My original contention was to illustrate analogous language.  I have said that now several times.  It is simple and I set down one example of analogous language to compare to another example. 

Perhaps rather than twisting my purpose you should deal with ialmisry above who seems to think, as many young Orthodox faithful do, that theosis is a literal hypostatic union.

So now I join the ranks of the sources you twist.


Quote
Again another example of allowing internal error to flourish just to prove some baseless accusation against Catholic teaching.  Seems to be a silly way to run a faith...but once you have defined yourselves as that which is NOT Catholic, I don't see where you have many choices but to foster error in order to continue to define yourselves in the negative.

Since Orthodoxy defines the Catholic Church, i.e. us,  I don''t know who you are talking about.

As defining ourselves "in the negative," we do no such thing.  What we do, in face of Vatican claims other "the other lung" and other such nonsense, is say "no, we are different."
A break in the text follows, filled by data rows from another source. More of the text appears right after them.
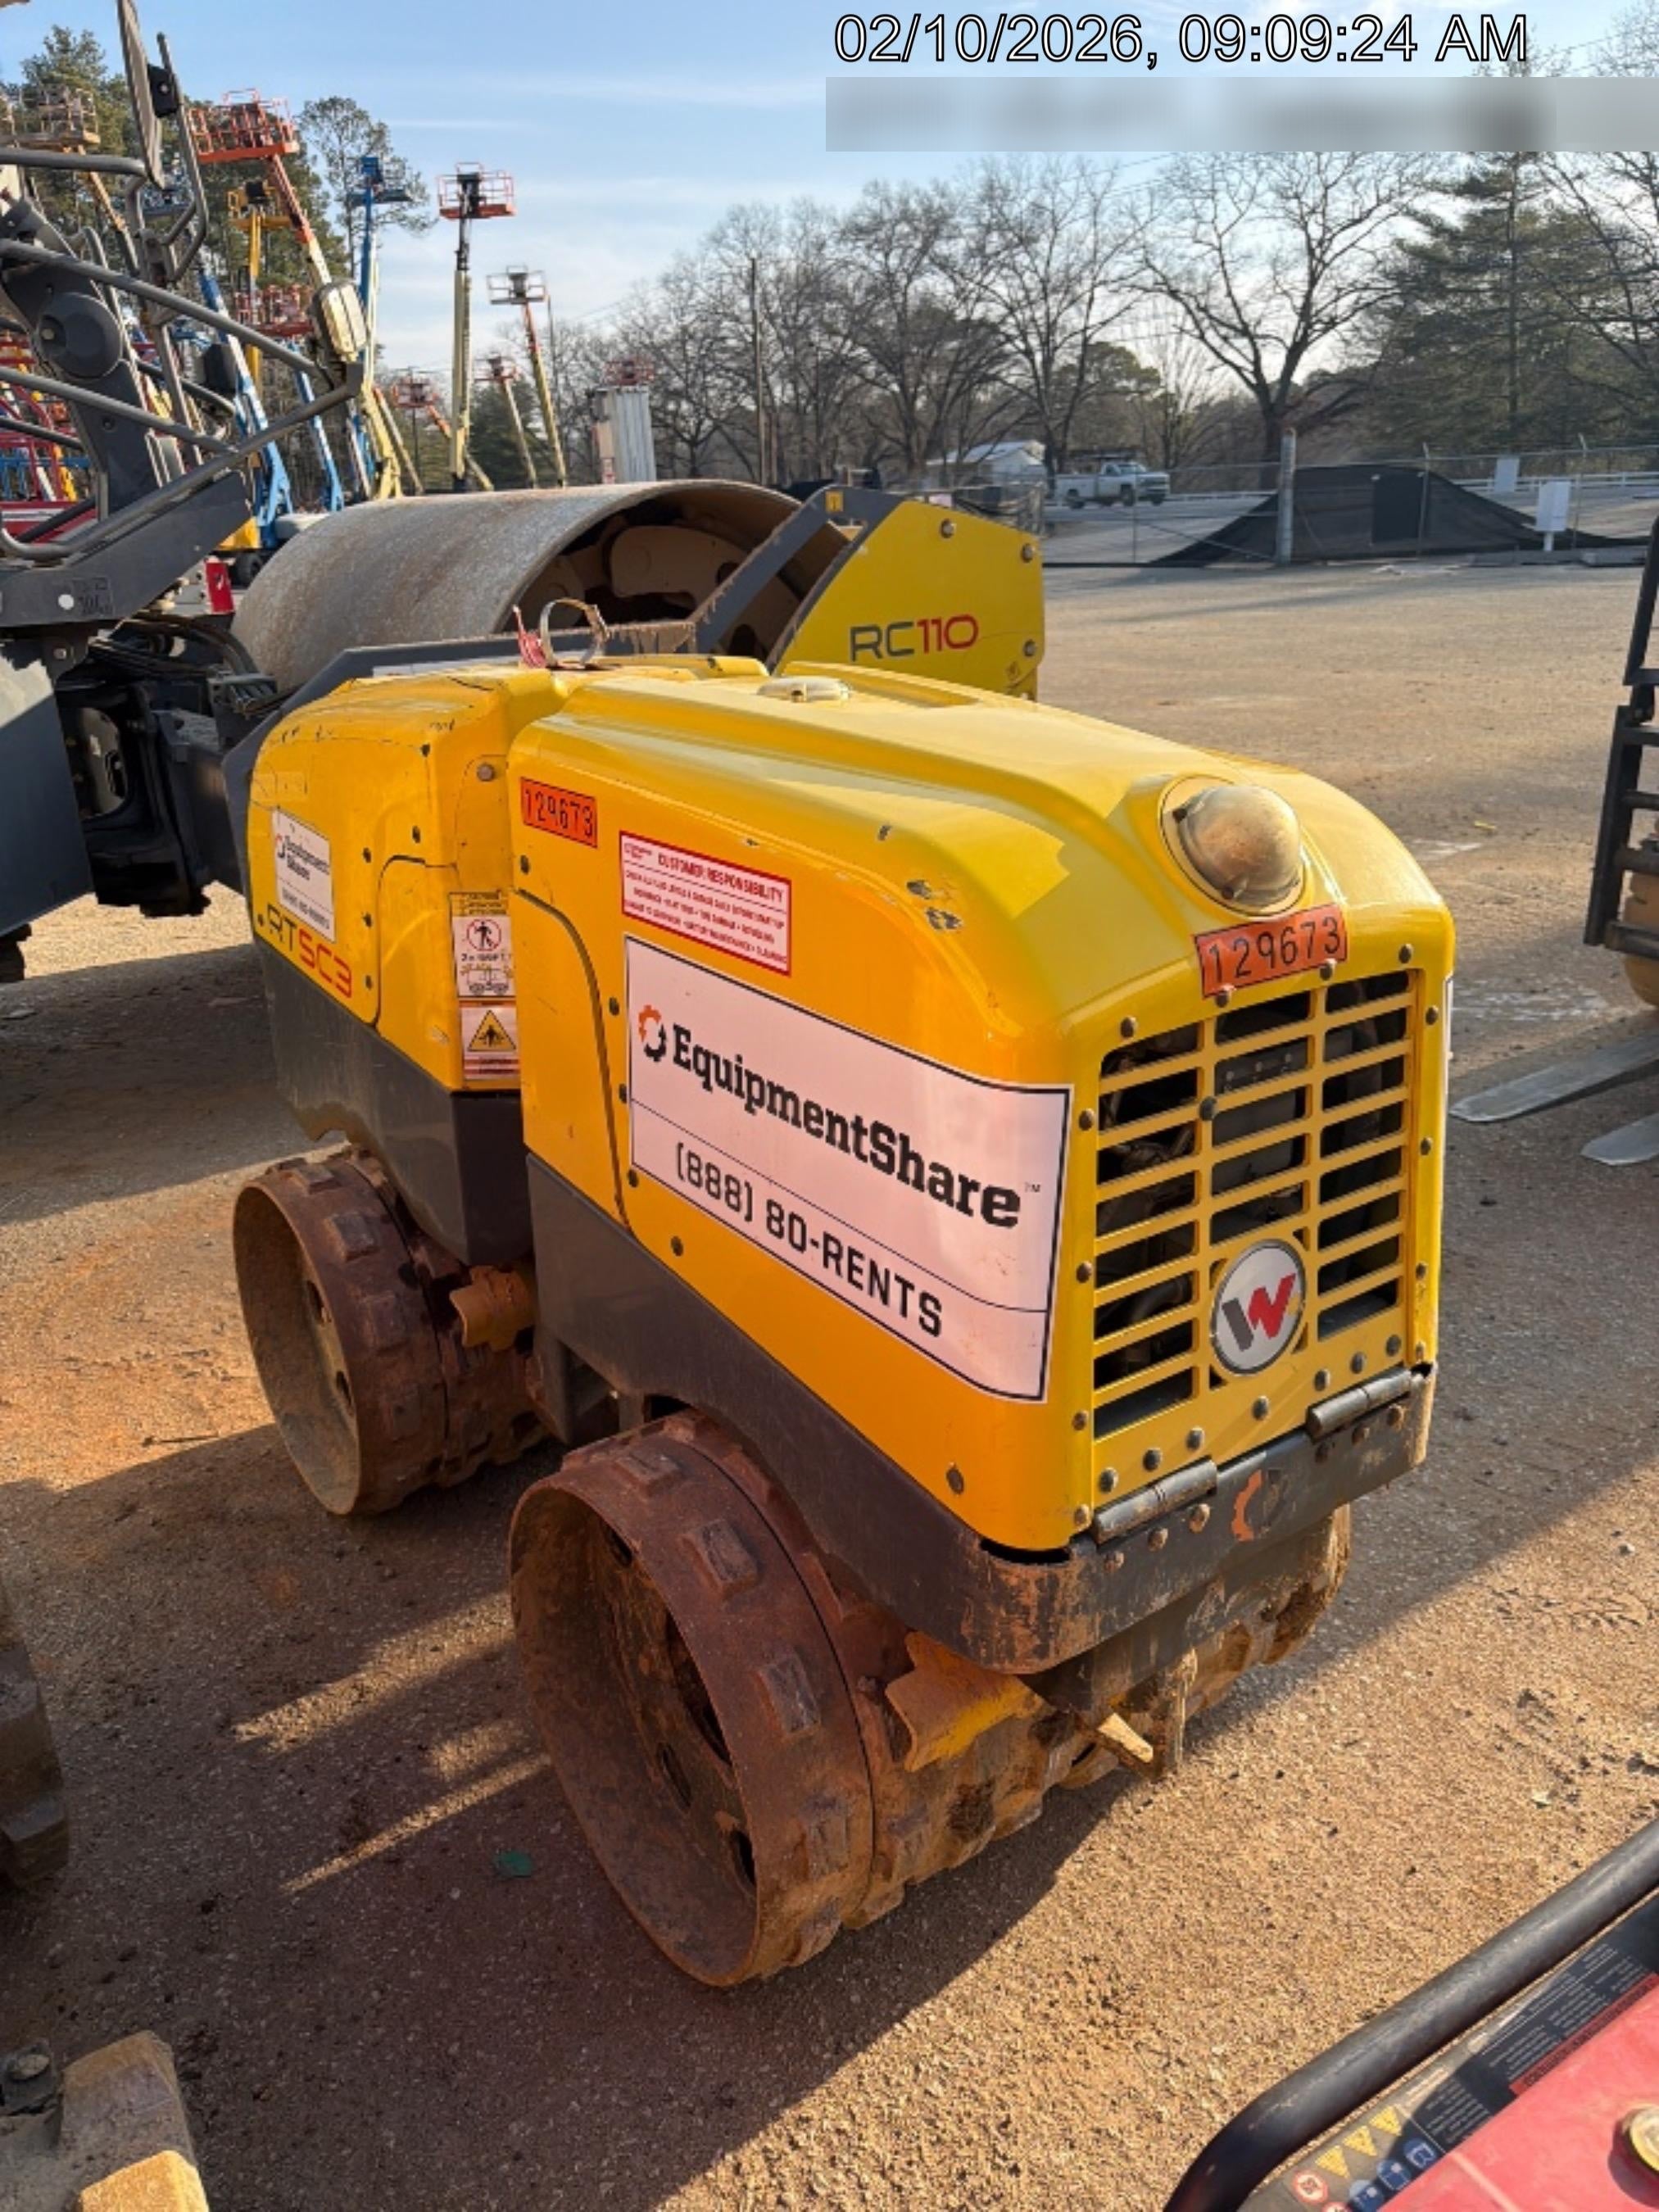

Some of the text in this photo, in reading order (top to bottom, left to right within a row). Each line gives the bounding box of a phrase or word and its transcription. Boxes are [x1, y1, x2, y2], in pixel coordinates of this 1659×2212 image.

[850, 614, 979, 663] RC110
[525, 788, 593, 839] 129673
[707, 866, 784, 903] RESPONSIBILITY
[1208, 916, 1341, 983] 129673
[672, 1022, 1022, 1230] EquipmentShare
[675, 1142, 944, 1339] (888) 80-RENTS
What I did was give you an example where an Orthodox text uses the term hypostatic union as an analog for theosis.  That is what I actually did, and what I said I did and in fact the text does do that.

I don't believe that the Australian Greek gentleman did in fact do that but I have to say it is a major relief that you have drawn back from your first contention that a human being can form a hypostatic union with Christ.  The reduction of this contention to merely "analogous language" is still misleading but not nearly as worrying as what you first seemed to be saying.

-----------

The definition of analogous in the American Heritage Dictionary: Similar or alike in such a way as to permit the drawing of an analogy.


[/quote]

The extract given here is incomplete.